____ MATERIALS PROVIDED

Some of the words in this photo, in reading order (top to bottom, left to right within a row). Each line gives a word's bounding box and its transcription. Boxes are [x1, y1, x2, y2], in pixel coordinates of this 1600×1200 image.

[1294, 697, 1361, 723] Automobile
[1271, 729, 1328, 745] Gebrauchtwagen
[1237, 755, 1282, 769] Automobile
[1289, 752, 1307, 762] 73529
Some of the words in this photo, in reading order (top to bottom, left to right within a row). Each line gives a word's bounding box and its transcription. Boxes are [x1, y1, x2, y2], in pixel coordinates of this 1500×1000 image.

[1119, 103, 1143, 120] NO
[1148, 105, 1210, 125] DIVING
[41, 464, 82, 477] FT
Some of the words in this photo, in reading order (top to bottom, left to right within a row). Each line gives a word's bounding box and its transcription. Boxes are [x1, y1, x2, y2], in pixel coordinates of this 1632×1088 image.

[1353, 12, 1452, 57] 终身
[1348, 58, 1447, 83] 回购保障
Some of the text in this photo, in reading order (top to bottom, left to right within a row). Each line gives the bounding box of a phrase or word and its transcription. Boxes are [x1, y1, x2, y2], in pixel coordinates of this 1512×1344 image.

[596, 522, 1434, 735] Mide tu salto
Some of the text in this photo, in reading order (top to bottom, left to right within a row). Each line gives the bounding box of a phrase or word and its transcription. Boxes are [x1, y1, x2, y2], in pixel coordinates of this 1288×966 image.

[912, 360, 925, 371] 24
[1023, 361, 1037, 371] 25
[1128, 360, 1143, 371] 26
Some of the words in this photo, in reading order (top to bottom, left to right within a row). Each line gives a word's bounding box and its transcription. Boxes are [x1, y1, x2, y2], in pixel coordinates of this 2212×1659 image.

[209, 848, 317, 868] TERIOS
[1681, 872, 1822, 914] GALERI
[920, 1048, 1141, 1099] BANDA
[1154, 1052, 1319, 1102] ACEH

________

(GOAL OF THE EXERCISE):
Repeat all the records without altering a single word.

(EXERCISE SOLUTION):
Some of the words in this photo, in reading order (top to bottom, left to right within a row). Each line gives a word's bounding box and its transcription. Boxes are [x1, y1, x2, y2], in pixel coordinates of this 1600×1200 image.

[1294, 697, 1361, 723] Automobile
[1271, 729, 1328, 745] Gebrauchtwagen
[1237, 755, 1282, 769] Automobile
[1289, 752, 1307, 762] 73529
Some of the words in this photo, in reading order (top to bottom, left to right within a row). Each line gives a word's bounding box and its transcription. Boxes are [x1, y1, x2, y2], in pixel coordinates of this 1500×1000 image.

[1119, 103, 1143, 120] NO
[1148, 105, 1210, 125] DIVING
[41, 464, 82, 477] FT
Some of the words in this photo, in reading order (top to bottom, left to right within a row). Each line gives a word's bounding box and its transcription. Boxes are [x1, y1, x2, y2], in pixel coordinates of this 1632×1088 image.

[1353, 12, 1452, 57] 终身
[1348, 58, 1447, 83] 回购保障
Some of the text in this photo, in reading order (top to bottom, left to right within a row). Each line gives the bounding box of a phrase or word and its transcription. Boxes are [x1, y1, x2, y2], in pixel coordinates of this 1512×1344 image.

[596, 522, 1434, 735] Mide tu salto
Some of the text in this photo, in reading order (top to bottom, left to right within a row). Each line gives the bounding box of a phrase or word and its transcription. Boxes are [x1, y1, x2, y2], in pixel coordinates of this 1288×966 image.

[912, 360, 925, 371] 24
[1023, 361, 1037, 371] 25
[1128, 360, 1143, 371] 26
Some of the words in this photo, in reading order (top to bottom, left to right within a row). Each line gives a word's bounding box and its transcription. Boxes are [x1, y1, x2, y2], in pixel coordinates of this 2212×1659 image.

[209, 848, 317, 868] TERIOS
[1681, 872, 1822, 914] GALERI
[920, 1048, 1141, 1099] BANDA
[1154, 1052, 1319, 1102] ACEH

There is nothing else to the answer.